* Exercise directions:
Take the line containing "this 1500×1000 image." and every line after it to the end of the data, and write them out exactly as they appear.

* The data:
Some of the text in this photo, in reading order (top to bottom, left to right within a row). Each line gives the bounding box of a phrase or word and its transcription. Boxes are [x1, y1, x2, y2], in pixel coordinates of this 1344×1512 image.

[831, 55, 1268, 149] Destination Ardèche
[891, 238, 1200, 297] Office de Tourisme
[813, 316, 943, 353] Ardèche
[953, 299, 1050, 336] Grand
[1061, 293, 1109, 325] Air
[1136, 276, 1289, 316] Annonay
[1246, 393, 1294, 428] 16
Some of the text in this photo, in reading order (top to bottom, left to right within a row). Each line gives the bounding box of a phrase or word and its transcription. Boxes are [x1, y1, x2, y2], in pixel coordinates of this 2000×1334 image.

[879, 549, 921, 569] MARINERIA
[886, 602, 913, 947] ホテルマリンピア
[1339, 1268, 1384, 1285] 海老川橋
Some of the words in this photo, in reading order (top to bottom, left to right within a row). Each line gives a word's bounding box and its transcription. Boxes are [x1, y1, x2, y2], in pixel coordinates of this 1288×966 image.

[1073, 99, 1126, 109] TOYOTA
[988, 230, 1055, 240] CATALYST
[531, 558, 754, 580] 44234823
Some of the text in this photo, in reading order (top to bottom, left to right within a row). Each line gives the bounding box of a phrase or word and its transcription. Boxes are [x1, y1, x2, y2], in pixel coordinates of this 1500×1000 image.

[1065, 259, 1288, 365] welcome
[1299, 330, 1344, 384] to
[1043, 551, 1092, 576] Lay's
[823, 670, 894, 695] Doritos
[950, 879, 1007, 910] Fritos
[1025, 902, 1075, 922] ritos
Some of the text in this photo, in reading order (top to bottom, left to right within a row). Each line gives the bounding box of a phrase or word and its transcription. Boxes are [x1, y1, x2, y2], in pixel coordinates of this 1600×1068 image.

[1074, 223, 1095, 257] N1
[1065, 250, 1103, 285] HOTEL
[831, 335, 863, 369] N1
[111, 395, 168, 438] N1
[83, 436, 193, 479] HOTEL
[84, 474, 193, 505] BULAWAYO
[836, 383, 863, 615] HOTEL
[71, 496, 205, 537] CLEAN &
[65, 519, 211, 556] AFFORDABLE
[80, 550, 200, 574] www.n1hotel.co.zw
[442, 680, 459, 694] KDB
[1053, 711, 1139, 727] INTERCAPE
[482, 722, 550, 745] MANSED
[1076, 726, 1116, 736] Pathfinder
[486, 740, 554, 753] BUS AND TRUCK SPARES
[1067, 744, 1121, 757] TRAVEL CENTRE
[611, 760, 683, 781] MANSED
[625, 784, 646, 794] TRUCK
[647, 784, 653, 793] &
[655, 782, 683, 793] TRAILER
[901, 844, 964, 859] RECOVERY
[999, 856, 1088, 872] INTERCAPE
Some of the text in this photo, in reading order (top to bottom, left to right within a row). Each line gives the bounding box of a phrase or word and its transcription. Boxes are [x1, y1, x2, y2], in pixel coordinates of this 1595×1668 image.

* Written answer:
Some of the text in this photo, in reading order (top to bottom, left to right within a row). Each line gives the bounding box of a phrase or word and its transcription. Boxes are [x1, y1, x2, y2], in pixel coordinates of this 1500×1000 image.

[1065, 259, 1288, 365] welcome
[1299, 330, 1344, 384] to
[1043, 551, 1092, 576] Lay's
[823, 670, 894, 695] Doritos
[950, 879, 1007, 910] Fritos
[1025, 902, 1075, 922] ritos
Some of the text in this photo, in reading order (top to bottom, left to right within a row). Each line gives the bounding box of a phrase or word and its transcription. Boxes are [x1, y1, x2, y2], in pixel coordinates of this 1600×1068 image.

[1074, 223, 1095, 257] N1
[1065, 250, 1103, 285] HOTEL
[831, 335, 863, 369] N1
[111, 395, 168, 438] N1
[83, 436, 193, 479] HOTEL
[84, 474, 193, 505] BULAWAYO
[836, 383, 863, 615] HOTEL
[71, 496, 205, 537] CLEAN &
[65, 519, 211, 556] AFFORDABLE
[80, 550, 200, 574] www.n1hotel.co.zw
[442, 680, 459, 694] KDB
[1053, 711, 1139, 727] INTERCAPE
[482, 722, 550, 745] MANSED
[1076, 726, 1116, 736] Pathfinder
[486, 740, 554, 753] BUS AND TRUCK SPARES
[1067, 744, 1121, 757] TRAVEL CENTRE
[611, 760, 683, 781] MANSED
[625, 784, 646, 794] TRUCK
[647, 784, 653, 793] &
[655, 782, 683, 793] TRAILER
[901, 844, 964, 859] RECOVERY
[999, 856, 1088, 872] INTERCAPE
Some of the text in this photo, in reading order (top to bottom, left to right within a row). Each line gives the bounding box of a phrase or word and its transcription. Boxes are [x1, y1, x2, y2], in pixel coordinates of this 1595×1668 image.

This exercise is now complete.